-- Opening Marker --
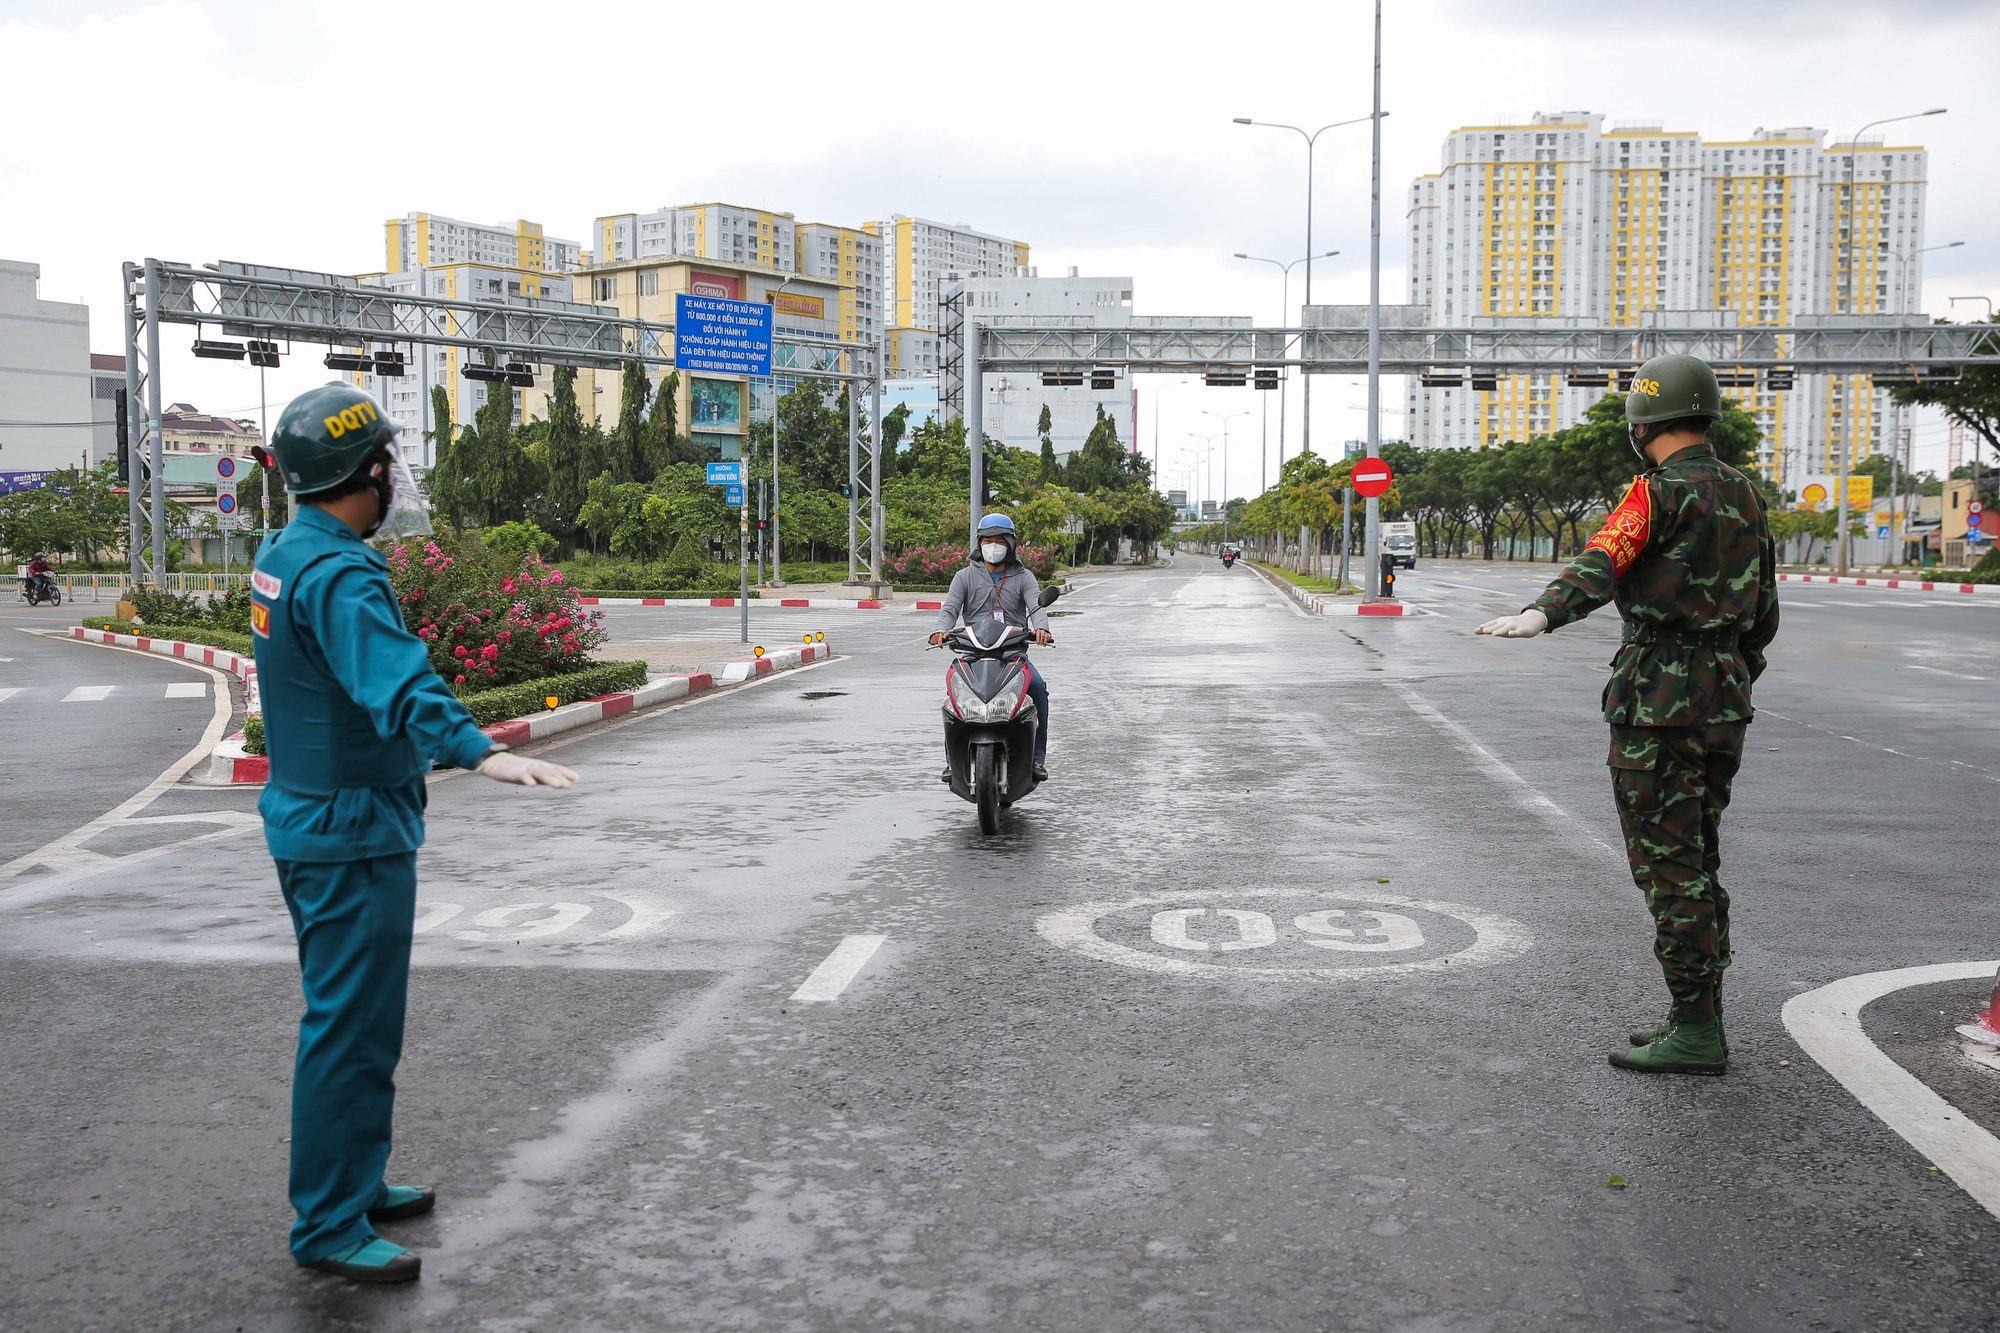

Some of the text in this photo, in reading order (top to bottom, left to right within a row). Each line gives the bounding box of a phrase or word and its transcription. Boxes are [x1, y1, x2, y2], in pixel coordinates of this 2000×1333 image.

[696, 286, 724, 298] OSHIMA
[685, 299, 693, 308] XE
[708, 302, 716, 310] XE
[716, 302, 726, 311] MÔ
[726, 303, 734, 312] TÔ
[734, 304, 740, 314] BỊ
[740, 304, 748, 314] XỬ
[749, 306, 764, 317] PHẠT
[687, 310, 696, 320] TỪ
[722, 313, 734, 324] ĐẾN
[735, 316, 758, 326] 1.000.000
[703, 323, 748, 337] ĐỐI VỚI HÀNH VI
[704, 336, 720, 346] CHẤP
[721, 338, 738, 348] HÀNH
[738, 340, 752, 350] HIỆU
[752, 341, 768, 351] LỆNH
[680, 345, 693, 355] CỦA
[693, 346, 706, 356] ĐÈN
[706, 348, 717, 357] TÍN
[717, 350, 731, 359] HIỆU
[731, 351, 745, 360] GIAO
[324, 401, 377, 438] DQTV
[1620, 536, 1636, 561] SOÁT
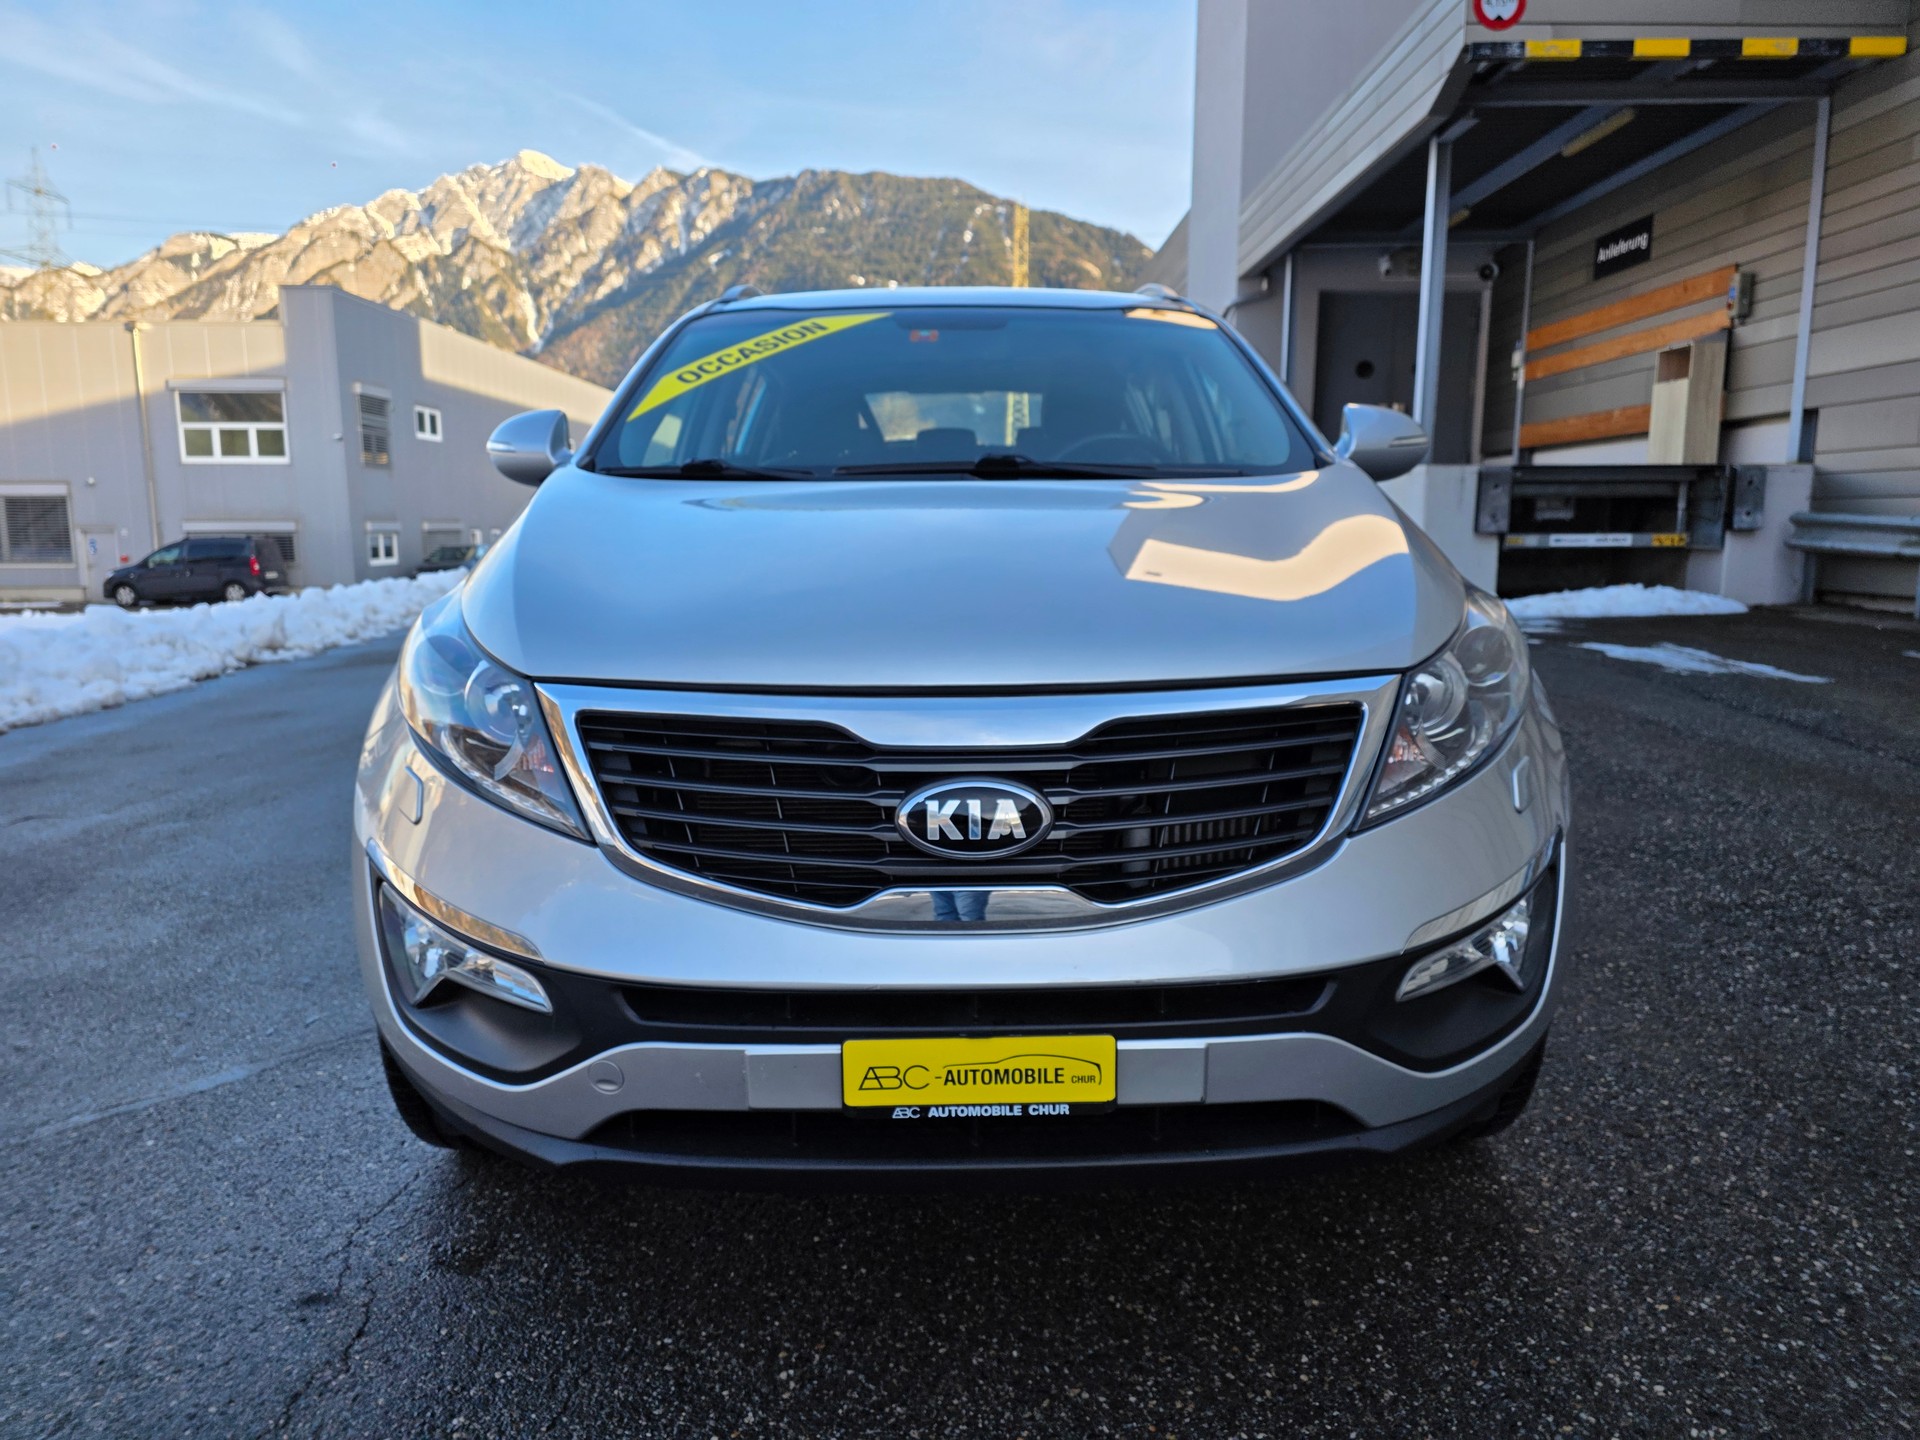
-- Closing Marker --
WHAT THE TASK ASKS: All entries above are to be reproduced exactly, with no pictures.

FINISHED TASK:
Some of the text in this photo, in reading order (top to bottom, left to right within a row). Each line gives the bounding box of a phrase or word and its transcription. Boxes are [x1, y1, x2, y2], in pixel coordinates of this 2000×1333 image.

[696, 286, 724, 298] OSHIMA
[685, 299, 693, 308] XE
[708, 302, 716, 310] XE
[716, 302, 726, 311] MÔ
[726, 303, 734, 312] TÔ
[734, 304, 740, 314] BỊ
[740, 304, 748, 314] XỬ
[749, 306, 764, 317] PHẠT
[687, 310, 696, 320] TỪ
[722, 313, 734, 324] ĐẾN
[735, 316, 758, 326] 1.000.000
[703, 323, 748, 337] ĐỐI VỚI HÀNH VI
[704, 336, 720, 346] CHẤP
[721, 338, 738, 348] HÀNH
[738, 340, 752, 350] HIỆU
[752, 341, 768, 351] LỆNH
[680, 345, 693, 355] CỦA
[693, 346, 706, 356] ĐÈN
[706, 348, 717, 357] TÍN
[717, 350, 731, 359] HIỆU
[731, 351, 745, 360] GIAO
[324, 401, 377, 438] DQTV
[1620, 536, 1636, 561] SOÁT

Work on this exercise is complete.